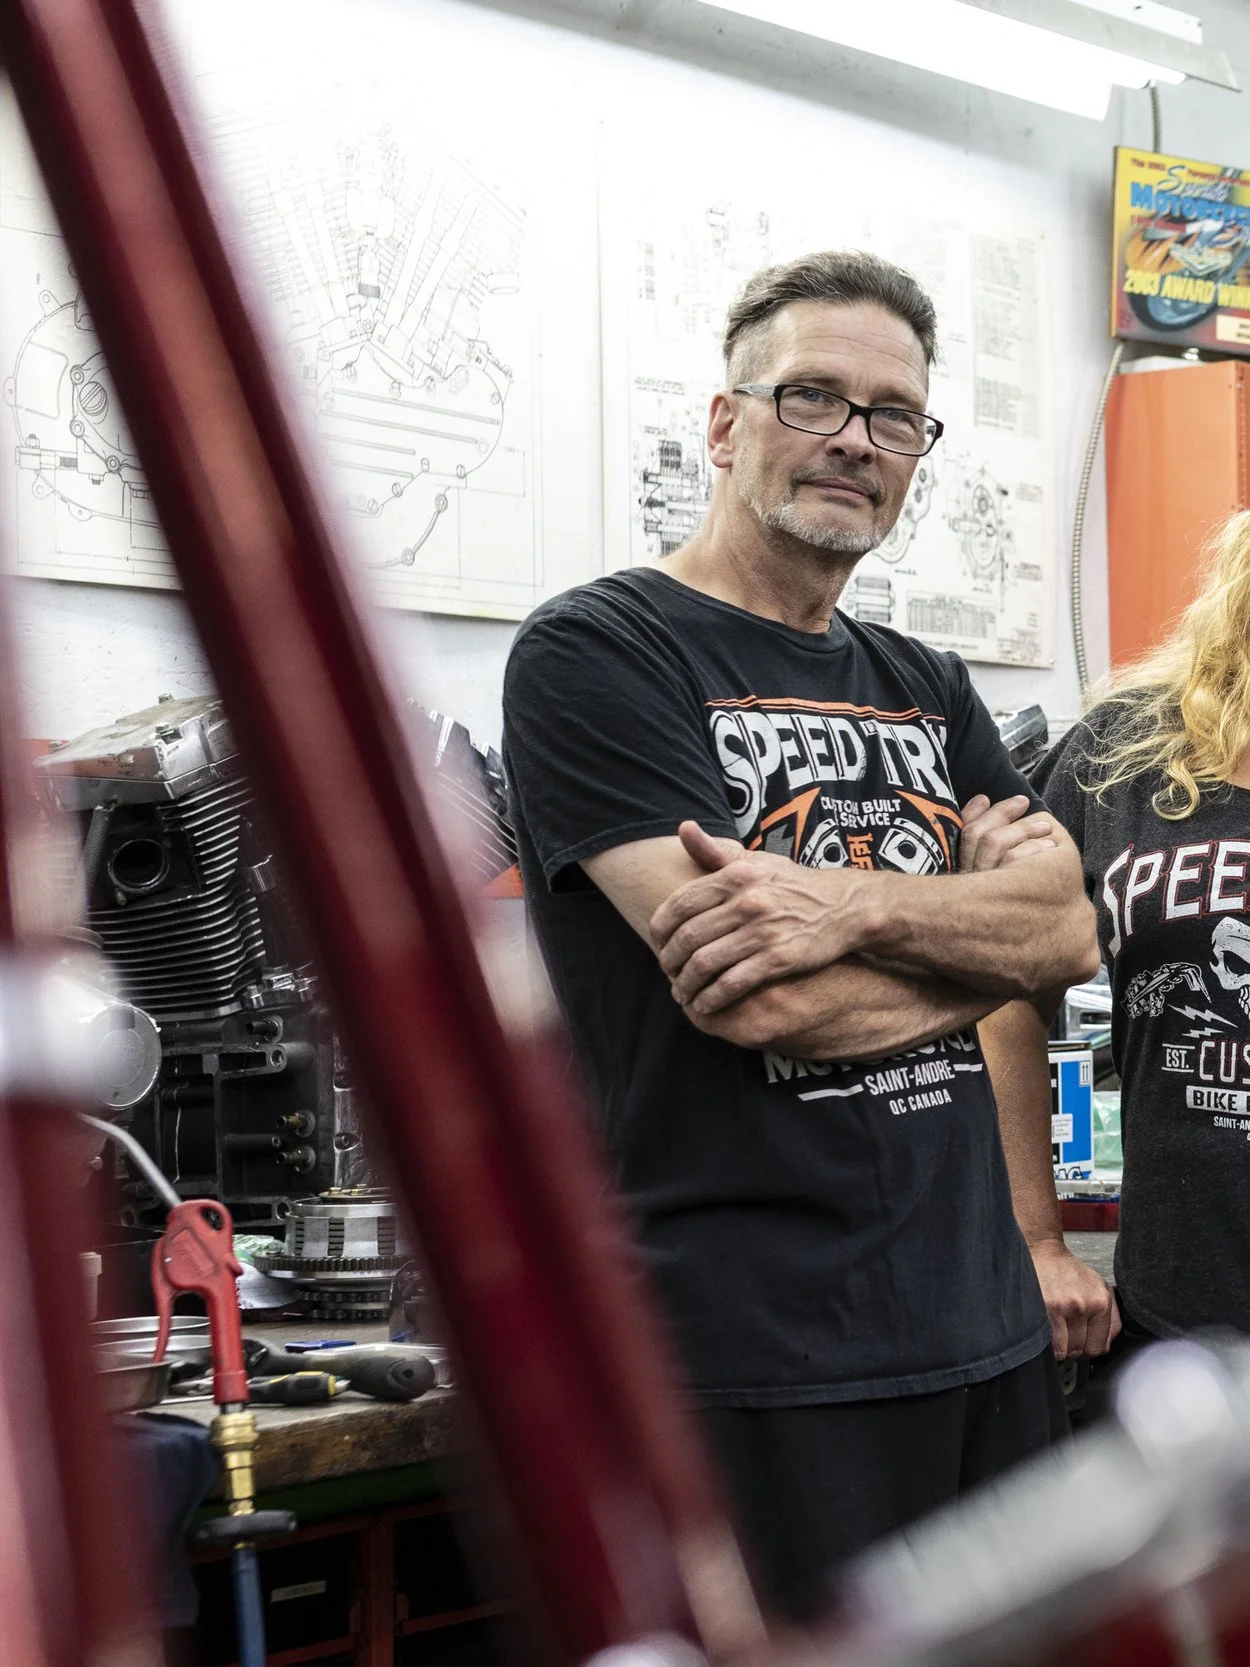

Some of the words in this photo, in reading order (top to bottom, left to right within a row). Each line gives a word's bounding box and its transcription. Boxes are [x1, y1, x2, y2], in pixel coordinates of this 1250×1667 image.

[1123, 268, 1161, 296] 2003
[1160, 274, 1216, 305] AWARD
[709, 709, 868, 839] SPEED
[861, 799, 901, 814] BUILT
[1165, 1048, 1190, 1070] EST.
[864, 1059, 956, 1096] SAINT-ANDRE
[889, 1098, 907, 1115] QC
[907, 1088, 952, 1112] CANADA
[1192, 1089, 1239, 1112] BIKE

※

**Your task:** Where a record holds a picture, skip the picture and copy everything else exactly.

**Response to this task:**
Some of the words in this photo, in reading order (top to bottom, left to right within a row). Each line gives a word's bounding box and its transcription. Boxes are [x1, y1, x2, y2], in pixel coordinates of this 1250×1667 image.

[1123, 268, 1161, 296] 2003
[1160, 274, 1216, 305] AWARD
[709, 709, 868, 839] SPEED
[861, 799, 901, 814] BUILT
[1165, 1048, 1190, 1070] EST.
[864, 1059, 956, 1096] SAINT-ANDRE
[889, 1098, 907, 1115] QC
[907, 1088, 952, 1112] CANADA
[1192, 1089, 1239, 1112] BIKE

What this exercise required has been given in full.